Vanished: Two Coeds, Two Horrifying Mysteries - What Happened to Brooke Wilberger and Maura Murray?

March 17, 2006 -- It's one of the most exciting times of a young adult's life: starting college and moving out of mom and dad's nest to a place of one's own. But too often for young people, particularly young women, that newfound independence is coupled with dangerous vulnerability.

Figures gathered by the FBI say there are over 21,500 active missing person cases involving people between the ages of 18 and 29. Brooke Wilberger and Maura Murray are two young women included in that tragic statistic. Their stories powerfully illustrate how communities can rally and families' faith and hope get tested when a loved one has vanished.

Brooke and Maura's stories are similar in many ways. Both were smart, beautiful young women with loving friends and family. They were active in their communities. They had boyfriends who adored them. They were on the verge of very bright futures. Then they disappeared.

Community Rallies to Search for Brooke

The story of Brooke Wilberger's disappearance begins on the afternoon of May 24, 2004. The 19-year-old Brigham Young University student was home in Oregon visiting her family, and helping out her sister and brother-in-law at an apartment complex they manage in the town of Corvallis.

Corvallis is a picturesque Oregon city of about 54,000 people. It's a place most people would consider ideal for raising a family. But even idyllic places can be visited by crime. "The city of Corvallis is really safe, but we're also in the real world," said Lt. Ron Noble of the Corvallis Police Department.

Brooke was in the parking lot of the complex cleaning lamp posts. When Brooke didn't show up for lunch, her sister, Stephani Hansen, began to worry.

Brooke's car keys and purse were in their apartment. Her car was in the lot. Her flip-flops were found, but Brooke was gone.

"I got very nervous -- we had exhausted every possibility, we had searched all the apartments that she could possibly be working in. We looked everywhere -- then we called the police," her sister recalled.

Lt. Noble remembers receiving the call about the case. "Normally, we would wait. Because adults can come and go as they please and we would normally wait to see if she showed up maybe the next day," he said. But police officials agreed with Brooke's sister; they sensed Brooke was not the sort of young woman to disappear on her own.

"It was amazing to us that they acted that fast, and I think one of the reasons was when they immediately did a quick check, [they saw] Brooke was a great kid," said her mom, Cammy Wilberger.

As their search began, police eliminated one usual suspect in similar cases -- the boyfriend.

The man in Brooke's life, Justin Blake, who had dated Brooke since high school, was doing Morman missionary work in Venezuela.
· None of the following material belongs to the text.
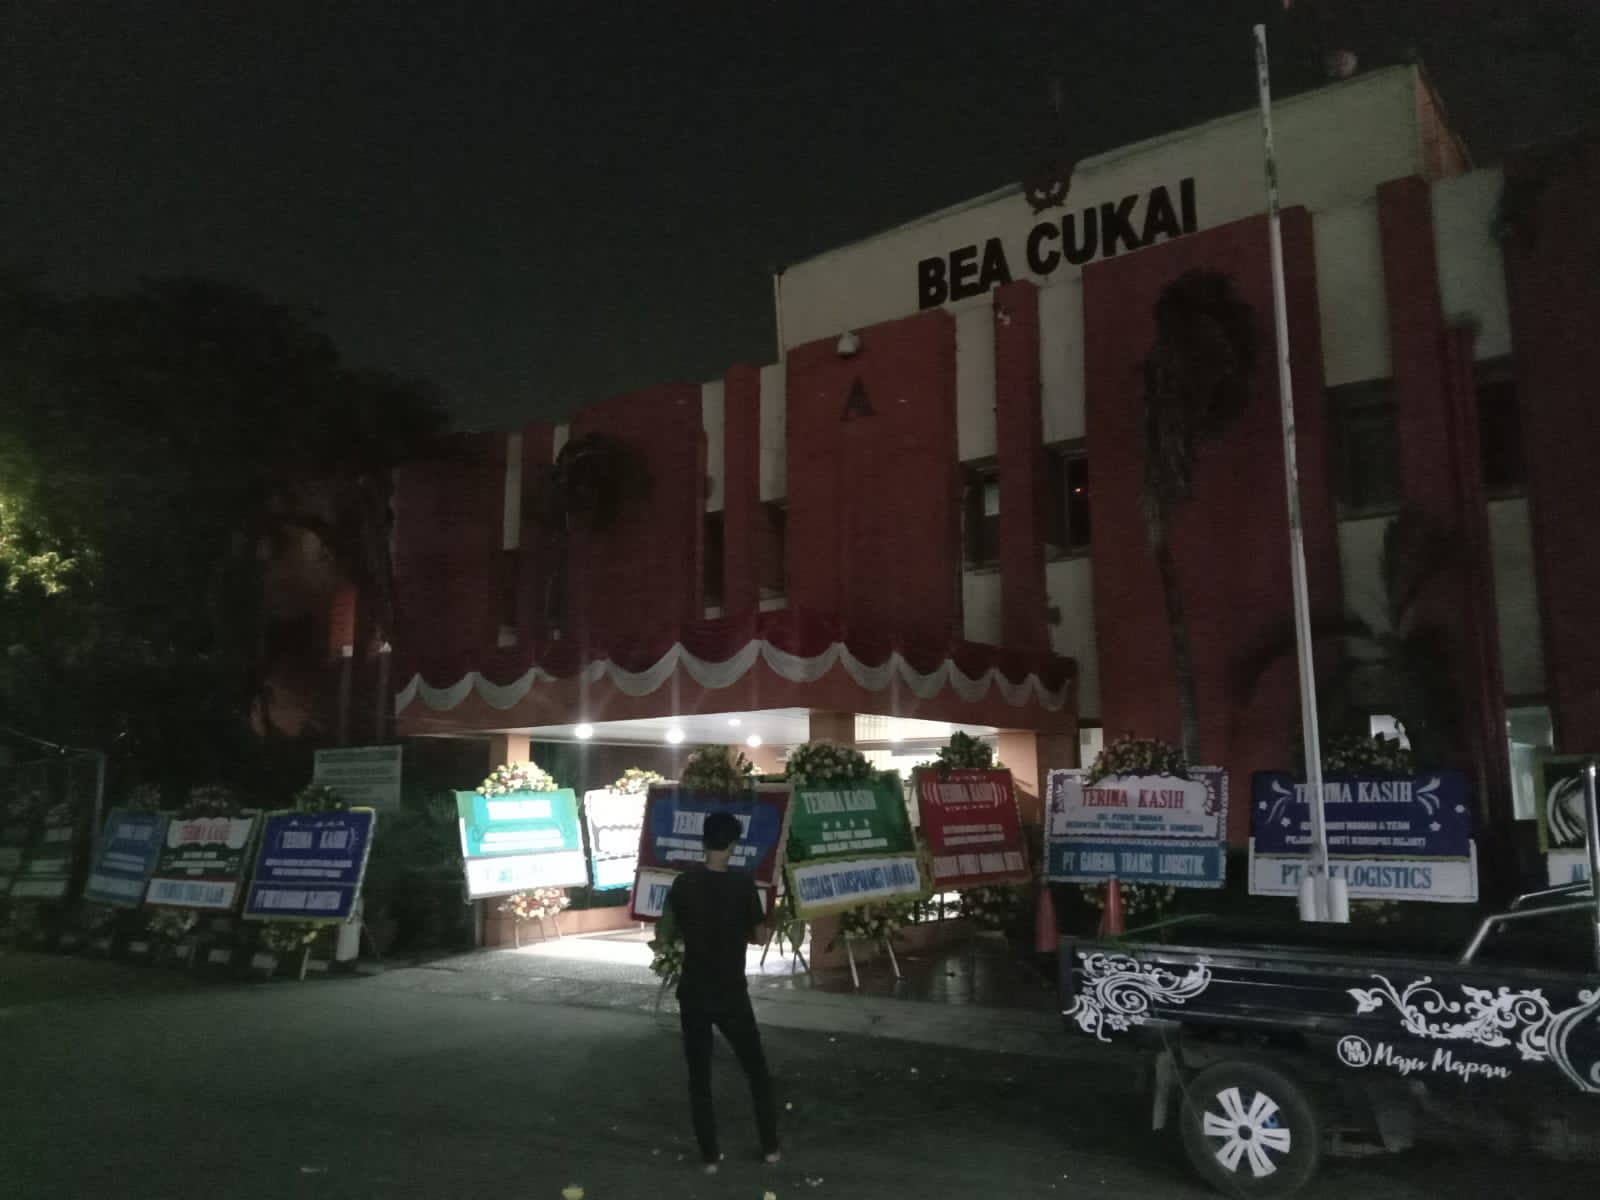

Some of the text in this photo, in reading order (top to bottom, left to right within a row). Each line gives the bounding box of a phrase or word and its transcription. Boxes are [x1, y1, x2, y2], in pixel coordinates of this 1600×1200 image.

Marriage was on the horizon for the couple, he said. "I was gonna propose. We just both sort of knew what was gonna happen when I got back from my mission," he said.

His parents called him in Venezuela to deliver the news that would shatter those plans. "They just started crying when they heard my voice and so I just started crying," he recalled.

In Corvallis, a community-wide search effort had been organized with unusual speed.

"The community of Corvallis was wonderful. That first night they had hundreds of people helping search," Brooke's mother recalled. "Our church organized it, but everyone in the community filled in," she said.

"There were a lot of areas to search and some of it very, very heavy with heavy vegetation. In fact, I remember going home at 1 o'clock in the morning and there were still 300 people doing concentric circles from where Brooke was last seen," said Lt. Noble. The first night ended with no sign of Brooke.

In the morning, the townsfolk of Corvallis would awake to a shock of another sort - the largest gathering of media the town had ever seen.